More particularly in accordance with the invention, the vacuum cleaner comprises a carriage including front and rear support means rotatively carried by the carriage for movably supporting the carriage on a subjacent surface and a floor cleaning nozzle generally horizontally disposed adjacent the front support means of the vacuum cleaner. A first movable means is positioned on the carriage for selectively adjusting the height of the nozzle in relation to the subjacent surface. A second movable means is positioned on the carriage and is operatively connected to the first movable means for adjusting a position of the first movable means. A third movable means is operatively connected to the second movable means and is also positioned on the carriage for adjusting a position of the second movable means. The third movable means comprises a rocker pedal which can be adjusted between a plurality of positions.

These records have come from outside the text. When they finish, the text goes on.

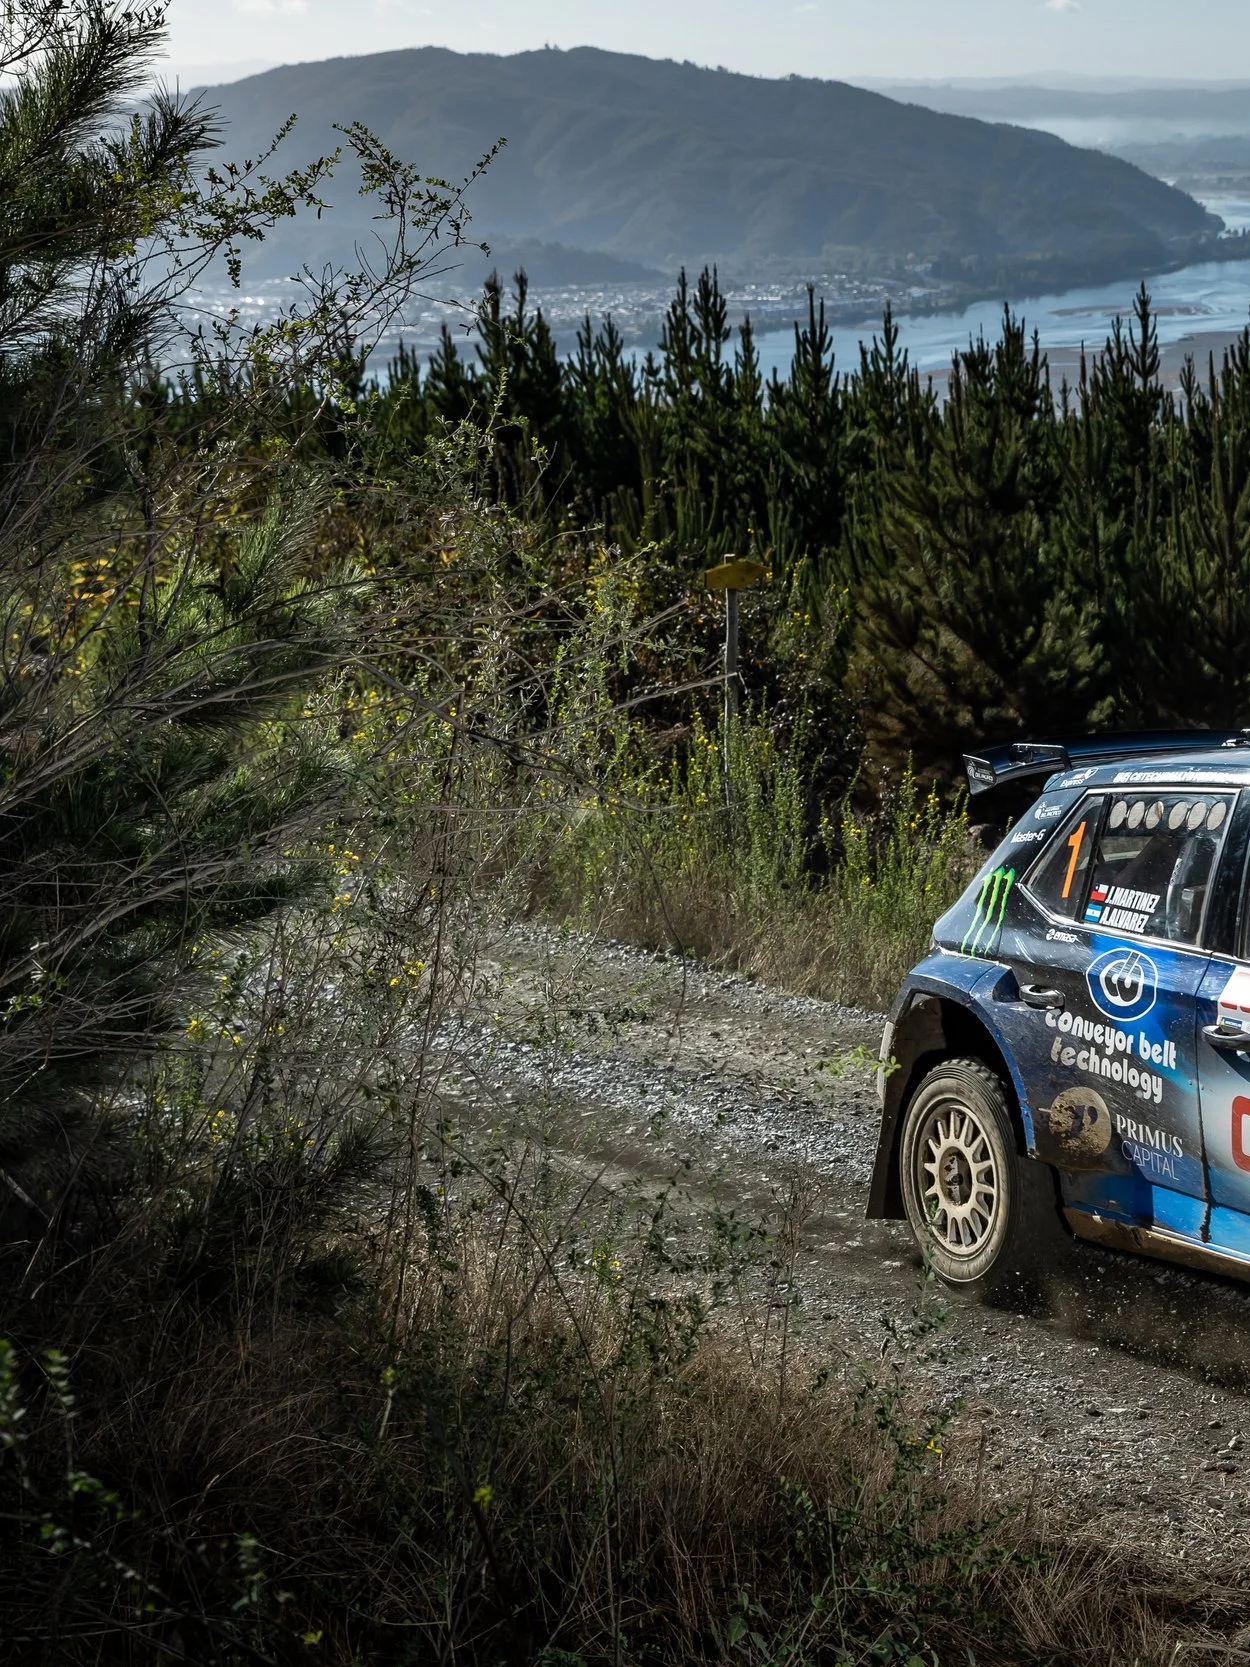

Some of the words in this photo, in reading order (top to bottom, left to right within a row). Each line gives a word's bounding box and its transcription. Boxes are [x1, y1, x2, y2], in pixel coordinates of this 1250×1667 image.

[1010, 828, 1047, 844] Master-G
[1061, 821, 1087, 898] 1
[1098, 906, 1150, 934] A.ALVAREZ
[1104, 885, 1161, 914] J.MARTINEZ
[1045, 1009, 1134, 1056] conveyor
[1139, 1031, 1177, 1070] belt
[1050, 1036, 1164, 1104] technology
[1116, 1113, 1184, 1158] PRIMUS
[1121, 1140, 1180, 1181] CAPITAL

According to another embodiment of the present invention, a vacuum cleaner nozzle height adjustment mechanism is provided for a vacuum cleaner having a housing defining an air suction passage, rear wheels for supporting a rear portion of the housing and a front roller for supporting a front portion of the housing, including a nozzle, for rolling movement over a surface to be cleaned.

In accordance with this aspect of the invention, the vacuum cleaner height adjustment mechanism comprises a front axle for rotatably journaling the front roller and a link member secured to the front axle. A lever is slidably mounted in the housing with the lever having a distal end, on which are defined a plurality of cam surfaces that cooperate with the link member, and a proximal end. A manually movable means to which the proximal end of the lever is secured, is provided for longitudinally moving the lever. The manually movable means is accessible from an exterior periphery of the housing.

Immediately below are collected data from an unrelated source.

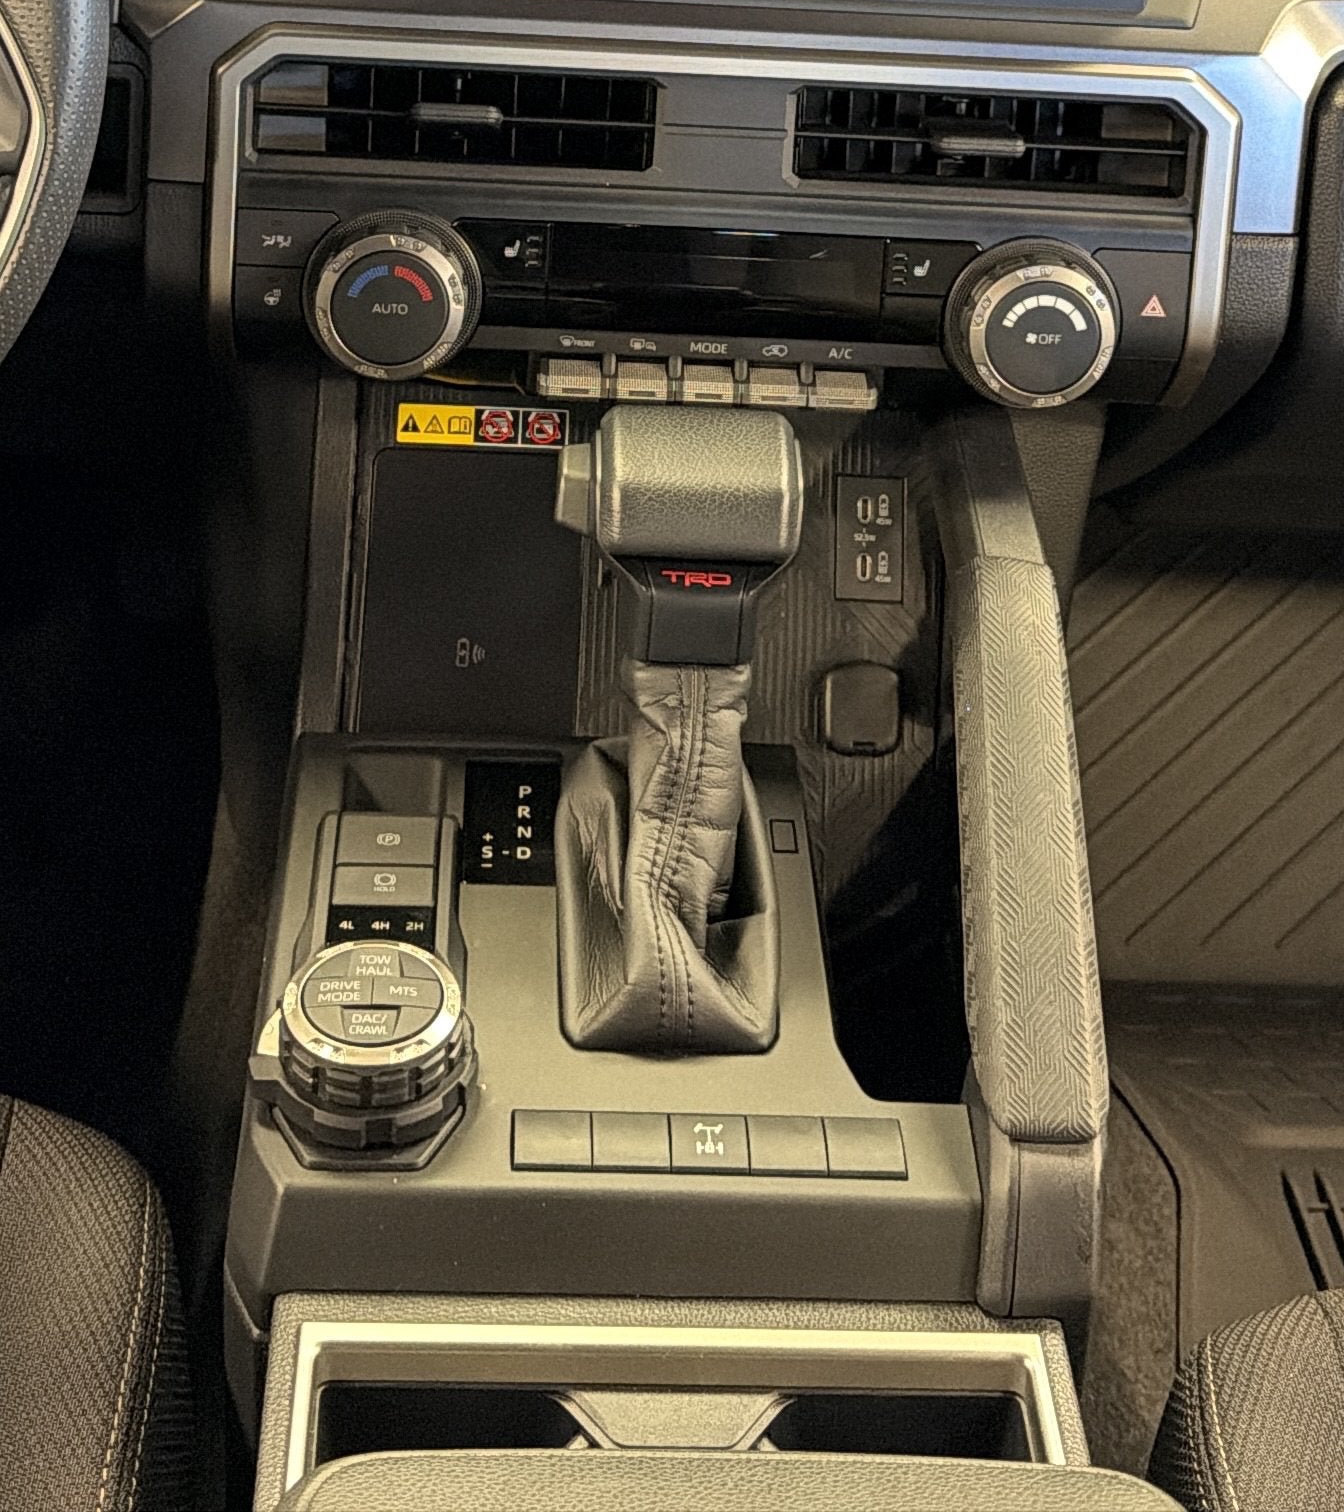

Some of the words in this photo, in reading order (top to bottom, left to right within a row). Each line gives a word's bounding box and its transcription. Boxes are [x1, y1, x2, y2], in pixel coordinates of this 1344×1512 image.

[371, 303, 409, 316] AUTO
[1037, 333, 1063, 345] OFF
[689, 341, 729, 355] MODE
[828, 347, 855, 360] A/C
[661, 570, 733, 588] TRD
[518, 786, 532, 799] P
[517, 805, 532, 819] R
[517, 826, 533, 839] N
[481, 845, 494, 859] S
[516, 846, 532, 860] D
[338, 920, 355, 931] 4L
[370, 920, 390, 931] 4H
[405, 921, 424, 931] 2H
[359, 954, 392, 965] TOW
[356, 966, 393, 977] HAUL
[319, 980, 362, 991] DRIVE
[389, 985, 419, 997] MTS
[317, 991, 361, 1003] MODE
[351, 1013, 389, 1024] DAC/
[348, 1025, 389, 1036] CRAWL

In accordance with yet another aspect of the invention, an appliance height adjustment mechanism is provided.

More particularly in accordance with this aspect of the invention, the appliance height adjustment mechanism comprises an appliance carriage including front and rear support elements rotatably carried by the carriage so that the appliance is movably positioned on a support surface. A front axle is provided including a first portion for journaling a front support element, a second portion journaled on the carriage and a third or arm portion. A linkage is positioned on the carriage and cooperates with the front axle third portion for selectively adjusting the height of a front end of the appliance in relation to the support surface. A manually operated control is operatively connected to the linkage and is also positioned on the carriage for adjusting the linkage.

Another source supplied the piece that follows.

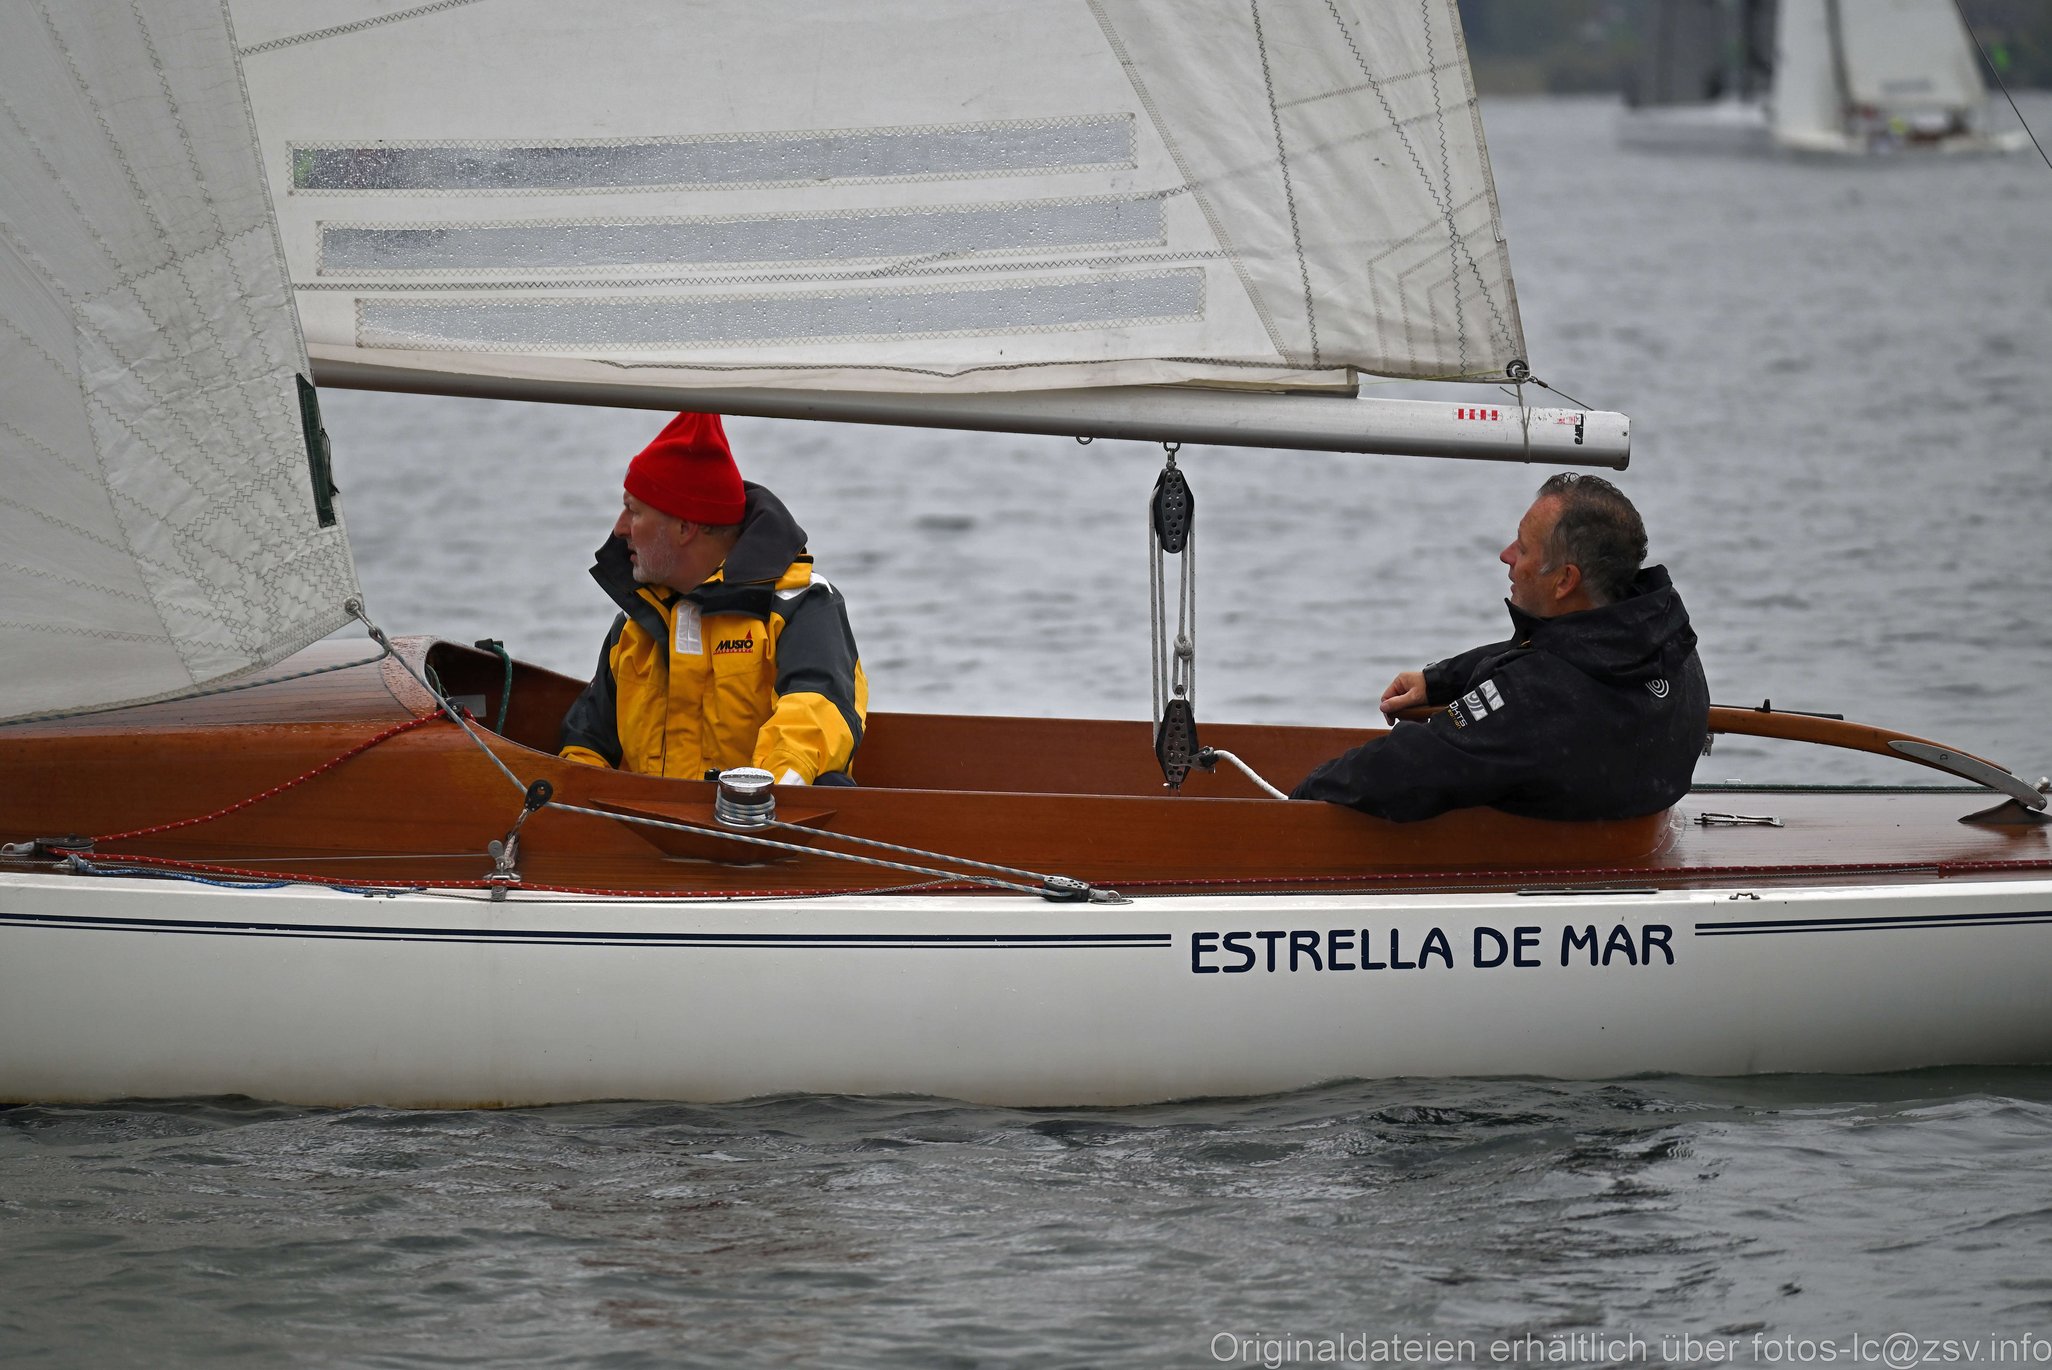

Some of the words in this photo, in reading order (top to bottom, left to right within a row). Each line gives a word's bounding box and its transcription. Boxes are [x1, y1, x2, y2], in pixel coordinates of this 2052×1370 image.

[715, 639, 754, 651] MUSTO
[1191, 927, 1454, 974] ESTRELLA
[1473, 926, 1542, 969] DE
[1560, 924, 1675, 967] MAR

One object of the present invention is the provision of a new and improved appliance height adjustment mechanism.

Another advantage of the present invention is the provision of a vacuum cleaner nozzle height adjustment mechanism that is extremely simple and economical in construction while yet providing an improved positive adjustment of nozzle height.

Still another advantage of the present invention is the provision of a vacuum cleaner nozzle height adjustment mechanism that can be readily adjusted for different pile heights by simply rotating a rocking pedal between a plurality of positions.

Yet another advantage of the present invention is the provision of a vacuum cleaner nozzle height adjusting mechanism that includes a linkage arm having a plurality of cam surfaces located on its distal end so that a longitudinal movement of the lever shifts a point of engagement of the arm to one of the cam surfaces thereby varying a height of the nozzle.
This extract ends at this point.